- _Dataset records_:
====

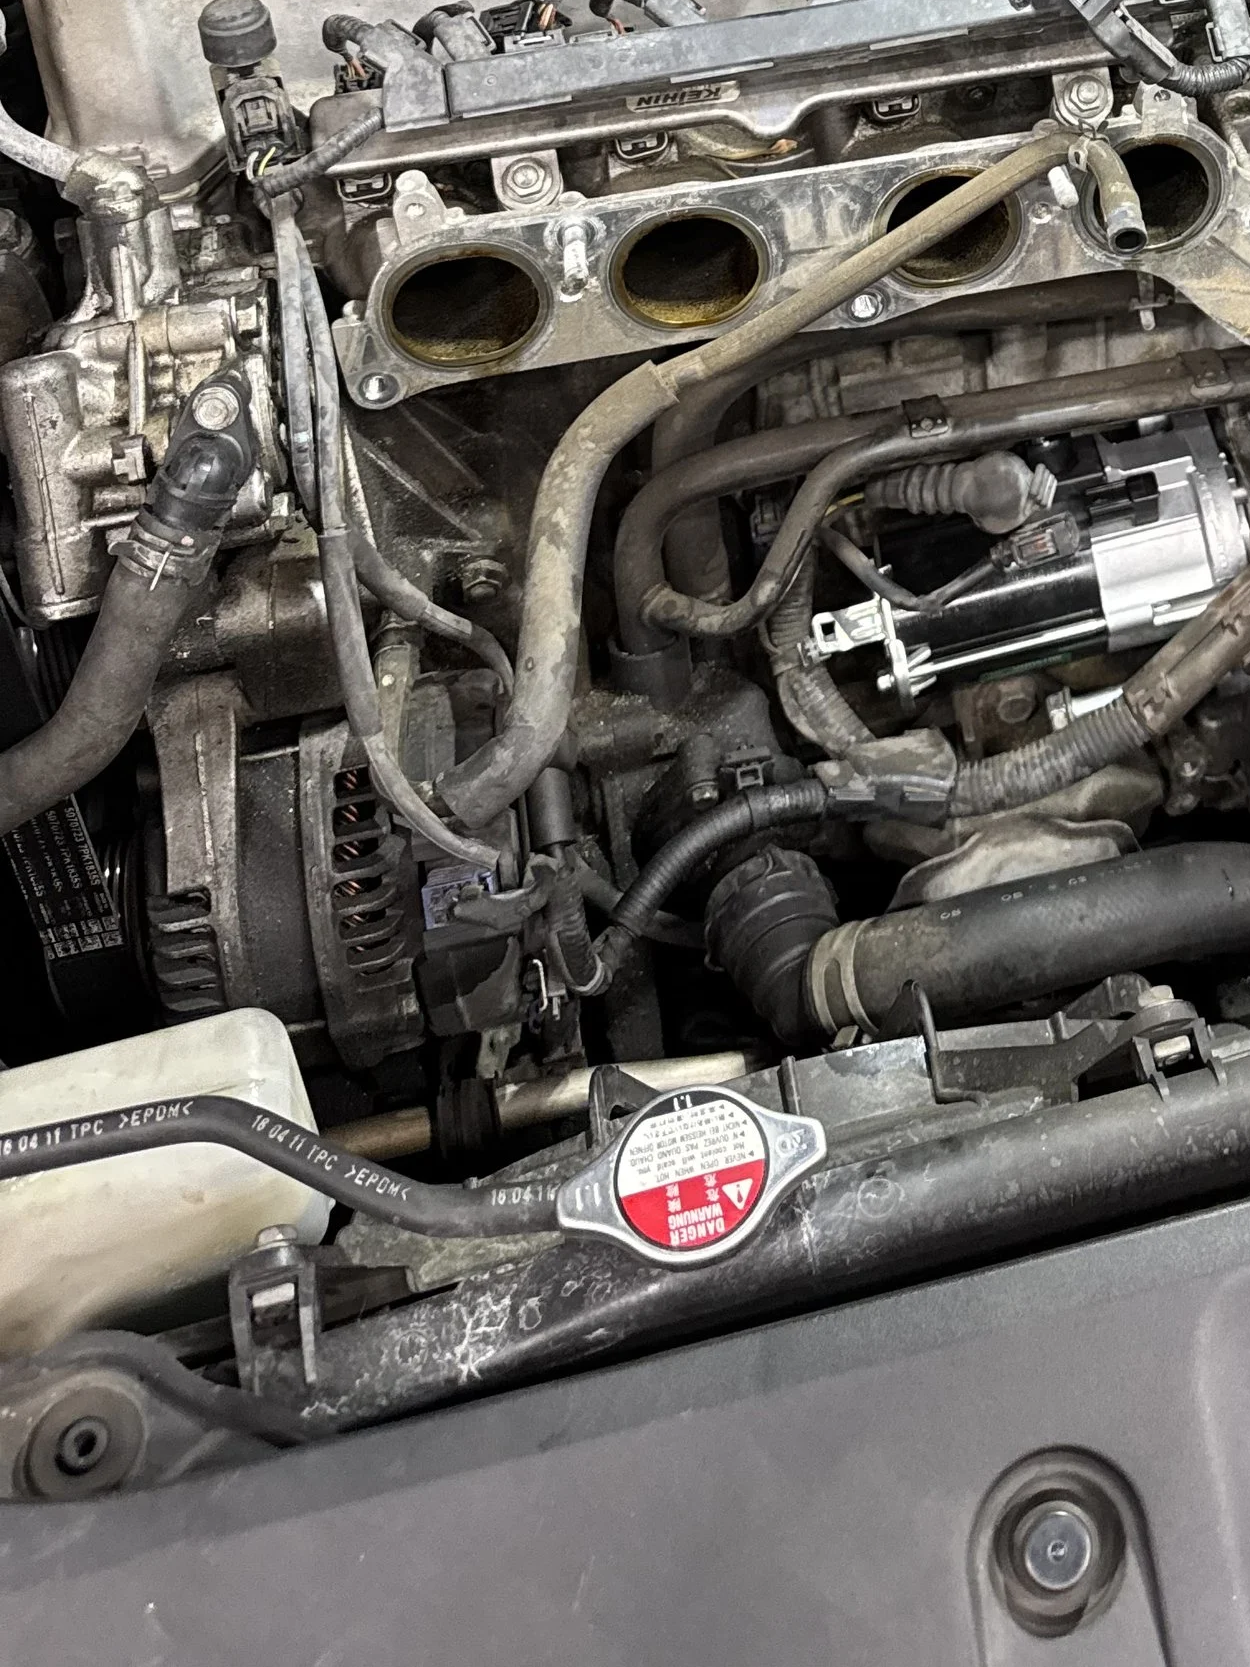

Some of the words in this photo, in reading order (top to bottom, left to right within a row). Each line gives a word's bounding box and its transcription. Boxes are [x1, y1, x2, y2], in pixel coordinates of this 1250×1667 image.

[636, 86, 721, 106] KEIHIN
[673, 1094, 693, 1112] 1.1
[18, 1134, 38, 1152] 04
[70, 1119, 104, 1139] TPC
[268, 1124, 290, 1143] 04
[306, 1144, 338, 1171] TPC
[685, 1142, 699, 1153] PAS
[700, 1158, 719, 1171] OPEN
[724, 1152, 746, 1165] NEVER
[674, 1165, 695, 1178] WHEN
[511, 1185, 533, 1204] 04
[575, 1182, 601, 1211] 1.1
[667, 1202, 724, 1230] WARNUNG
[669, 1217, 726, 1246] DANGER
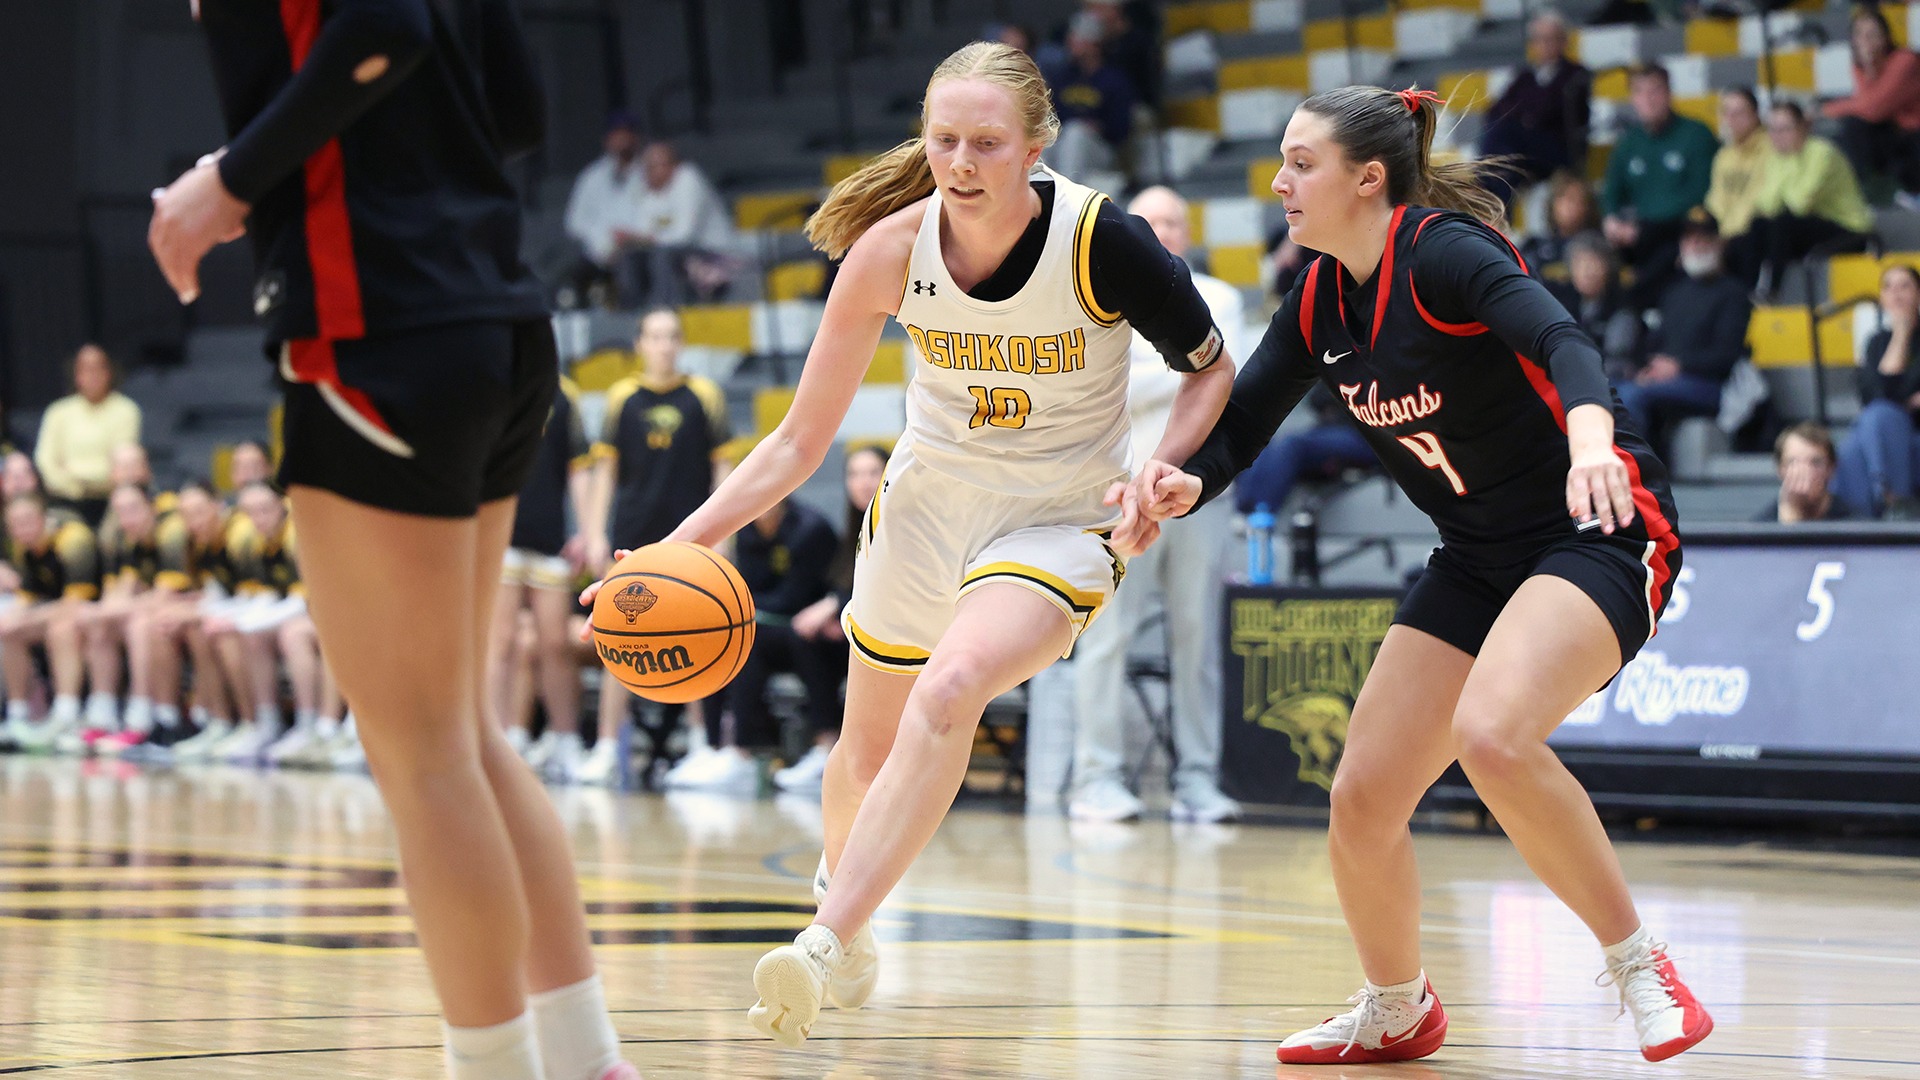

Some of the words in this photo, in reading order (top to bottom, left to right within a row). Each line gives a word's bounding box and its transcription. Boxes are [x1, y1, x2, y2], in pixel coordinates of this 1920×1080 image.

====

- _Your objective_: The records above are to be reproduced exactly; the pictures are to be left out.

- _Answer to the exercise_:
Some of the words in this photo, in reading order (top to bottom, left to right within a row). Each line gives a word's bounding box and its transcription. Boxes are [x1, y1, x2, y2], in pixel coordinates of this 1250×1667 image.

[636, 86, 721, 106] KEIHIN
[673, 1094, 693, 1112] 1.1
[18, 1134, 38, 1152] 04
[70, 1119, 104, 1139] TPC
[268, 1124, 290, 1143] 04
[306, 1144, 338, 1171] TPC
[685, 1142, 699, 1153] PAS
[700, 1158, 719, 1171] OPEN
[724, 1152, 746, 1165] NEVER
[674, 1165, 695, 1178] WHEN
[511, 1185, 533, 1204] 04
[575, 1182, 601, 1211] 1.1
[667, 1202, 724, 1230] WARNUNG
[669, 1217, 726, 1246] DANGER

Some of the words in this photo, in reading order (top to bottom, left to right within a row). Each line gives a word's bounding box and its transcription. Boxes are [x1, y1, x2, y2], in pixel coordinates of this 1920×1080 image.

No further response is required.